TASK OBJECTIVE:
Output the full listing below exactly as it reads, and skip anything that is a picture.

EXTRACTED ENTRIES:
== Segment start ==
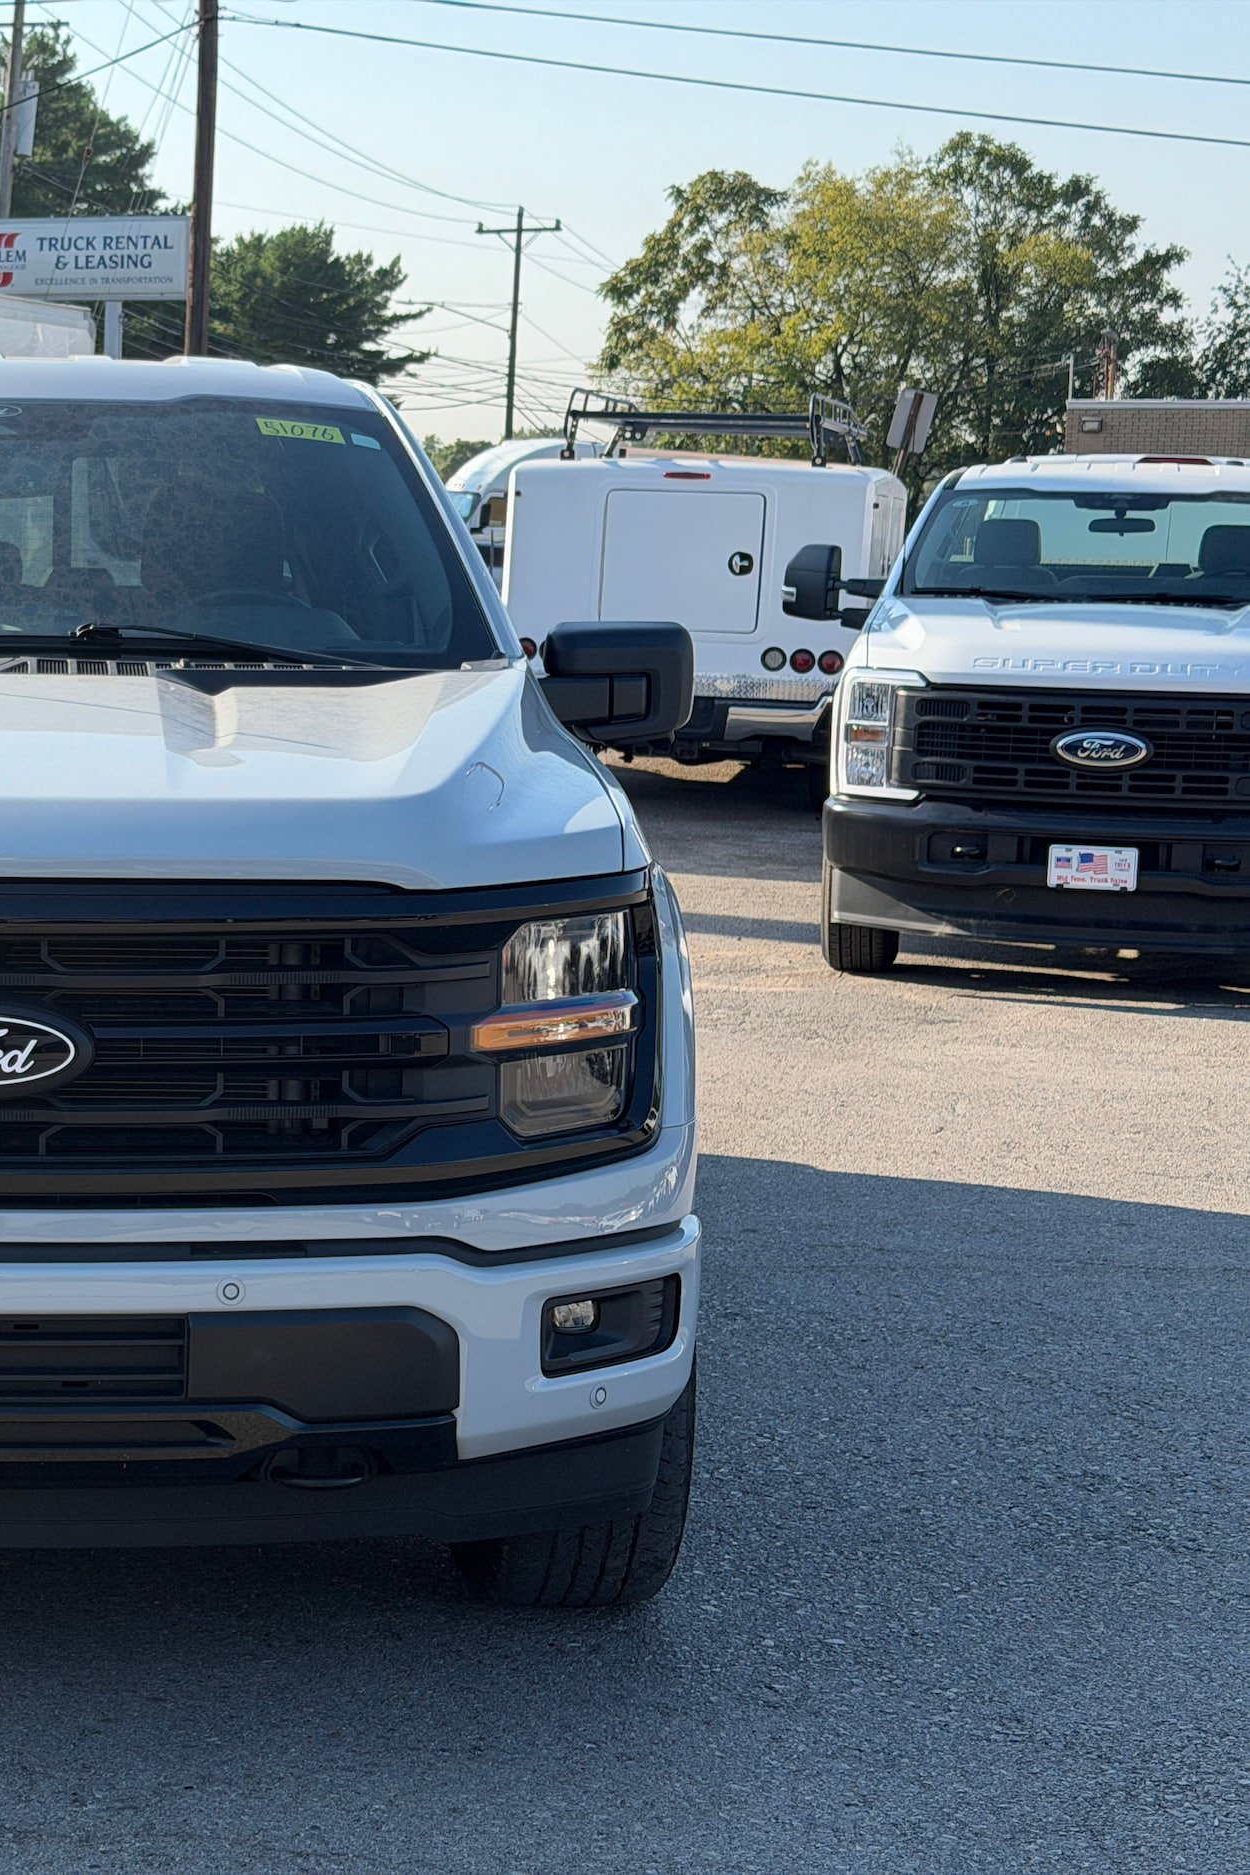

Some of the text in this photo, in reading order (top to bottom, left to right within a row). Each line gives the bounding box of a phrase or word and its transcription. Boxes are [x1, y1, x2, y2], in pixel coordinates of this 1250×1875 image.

[36, 235, 174, 252] TRUCK RENTAL
[55, 254, 152, 270] & LEASING
[35, 276, 174, 286] EXCELLENCE IN TRANSPORTATION
[263, 421, 335, 441] 51076
[973, 656, 1121, 675] SUPER
[1077, 739, 1126, 759] Ford
== Segment end ==
TASK OUTPUT:
Some of the text in this photo, in reading order (top to bottom, left to right within a row). Each line gives the bounding box of a phrase or word and its transcription. Boxes are [x1, y1, x2, y2], in pixel coordinates of this 1250×1875 image.

[36, 235, 174, 252] TRUCK RENTAL
[55, 254, 152, 270] & LEASING
[35, 276, 174, 286] EXCELLENCE IN TRANSPORTATION
[263, 421, 335, 441] 51076
[973, 656, 1121, 675] SUPER
[1077, 739, 1126, 759] Ford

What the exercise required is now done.